EXERCISE INSTRUCTIONS: Please give back every entry in full, word for word, but none of the pictures.
**** GIVEN DATA
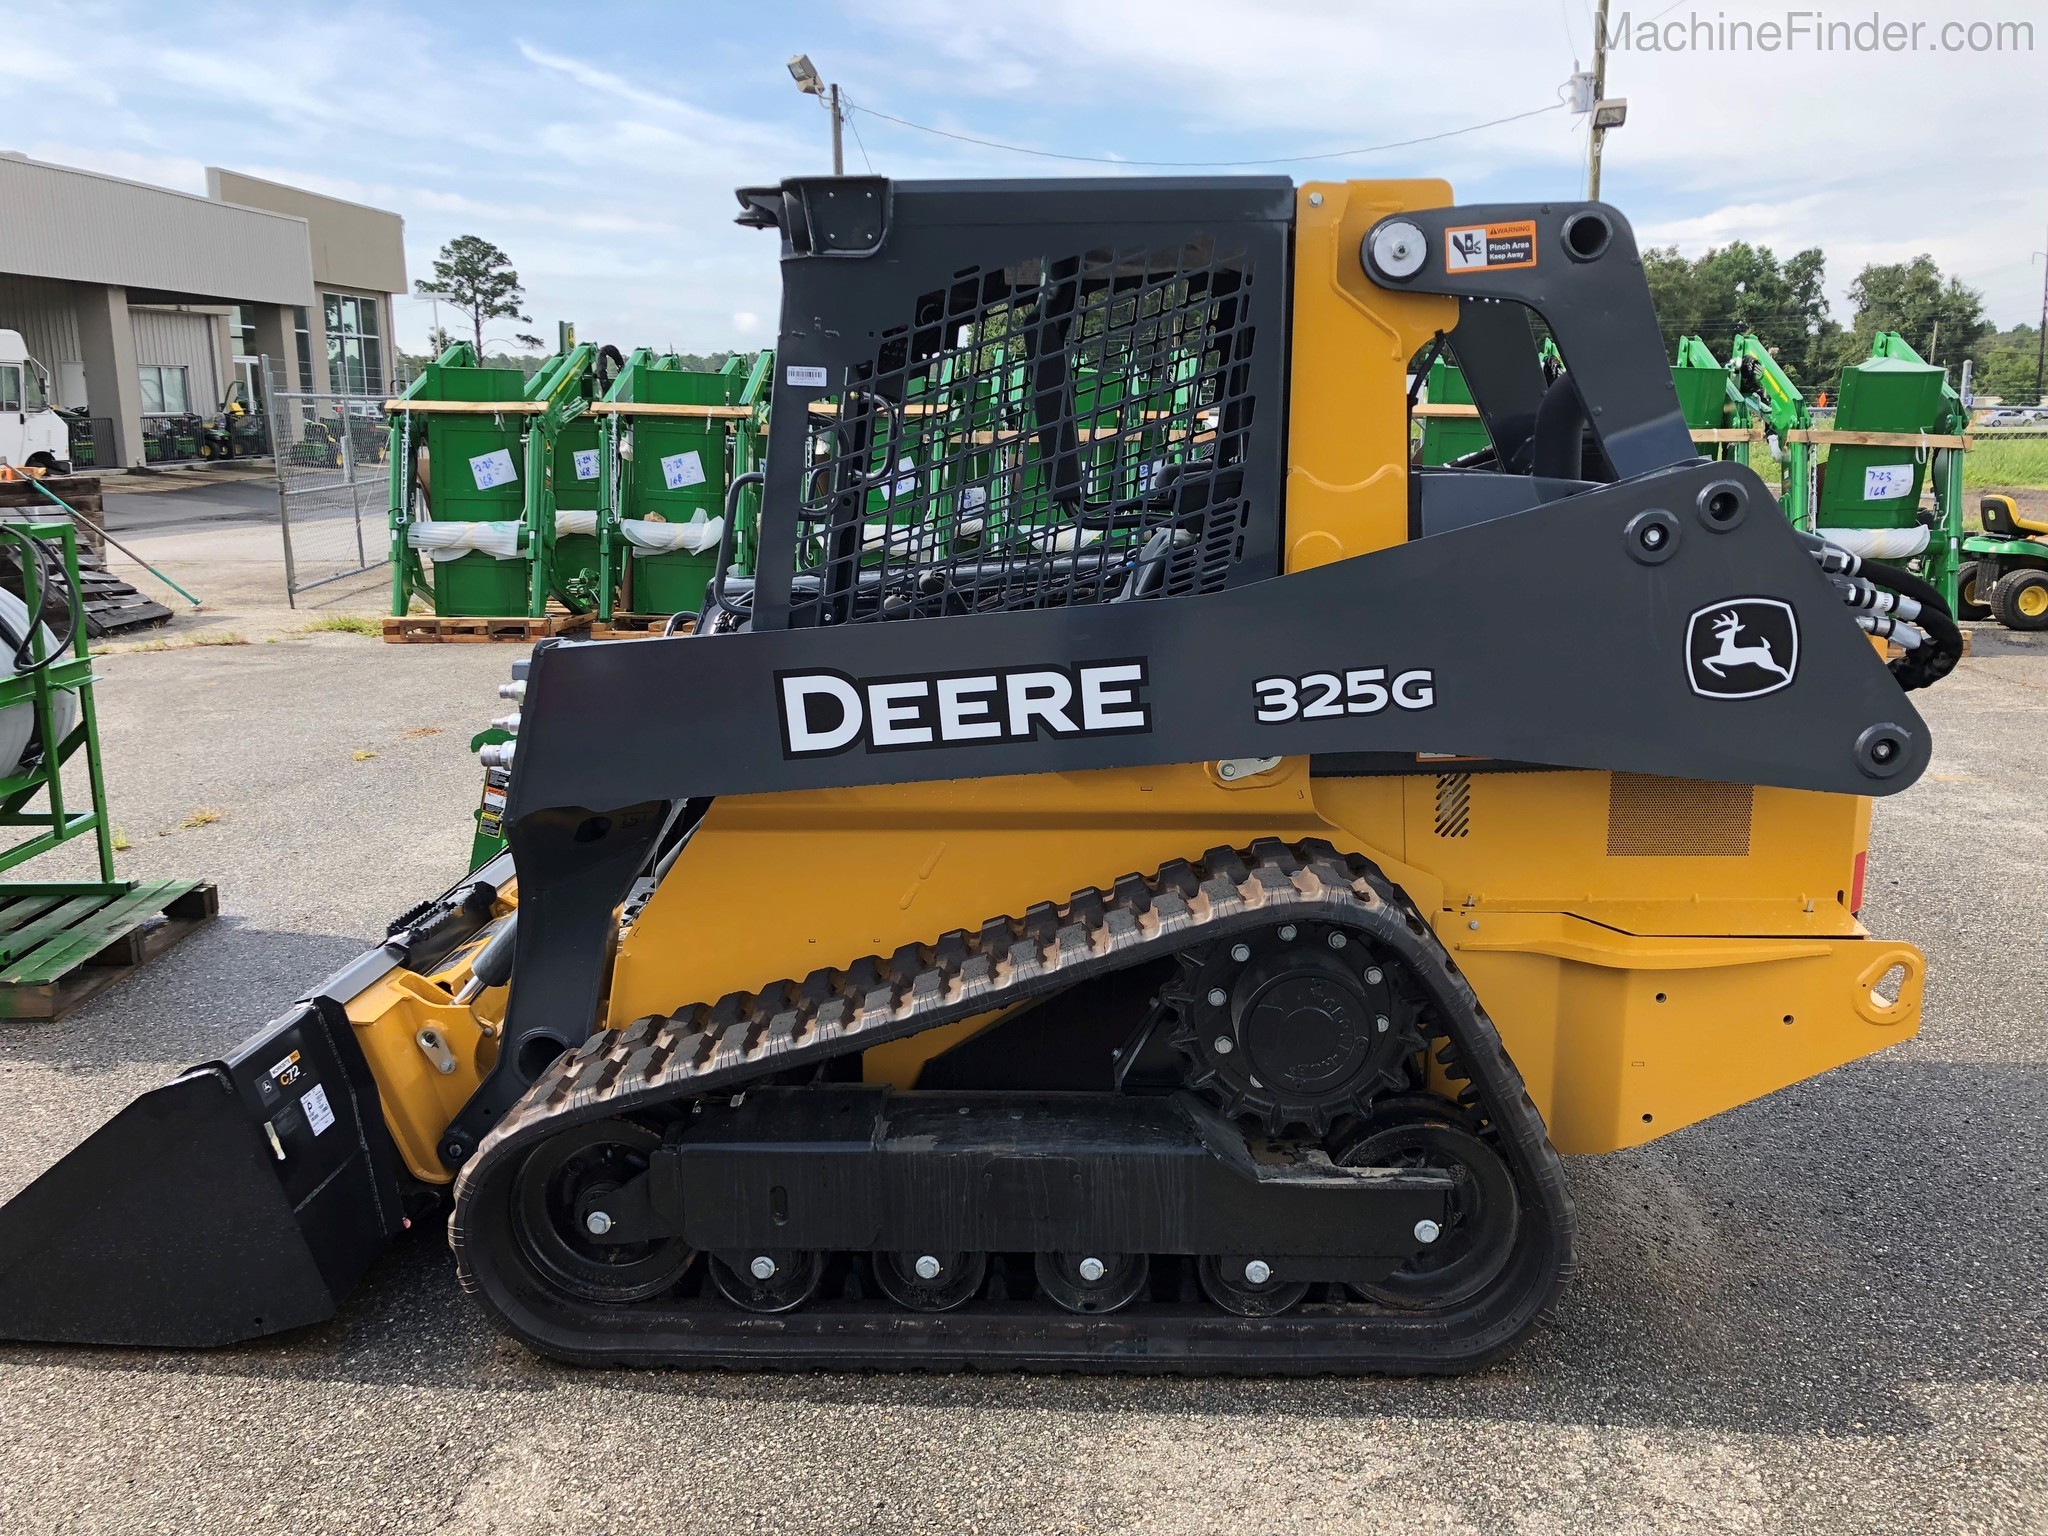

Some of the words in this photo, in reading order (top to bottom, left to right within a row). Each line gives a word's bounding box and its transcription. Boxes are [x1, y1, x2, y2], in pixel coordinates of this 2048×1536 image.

[1497, 224, 1531, 235] WARNING
[1489, 243, 1511, 252] Pinch
[1511, 241, 1530, 250] Area
[1489, 253, 1506, 261] Keep
[479, 473, 495, 487] 168
[1868, 470, 1892, 483] 7-23
[1869, 485, 1888, 496] 168
[1255, 668, 1434, 723] 325G
[781, 663, 1146, 753] DEERE
[279, 1064, 301, 1086] C72
********
ANSWER FOR THE TASK:
Some of the words in this photo, in reading order (top to bottom, left to right within a row). Each line gives a word's bounding box and its transcription. Boxes are [x1, y1, x2, y2], in pixel coordinates of this 2048×1536 image.

[1497, 224, 1531, 235] WARNING
[1489, 243, 1511, 252] Pinch
[1511, 241, 1530, 250] Area
[1489, 253, 1506, 261] Keep
[479, 473, 495, 487] 168
[1868, 470, 1892, 483] 7-23
[1869, 485, 1888, 496] 168
[1255, 668, 1434, 723] 325G
[781, 663, 1146, 753] DEERE
[279, 1064, 301, 1086] C72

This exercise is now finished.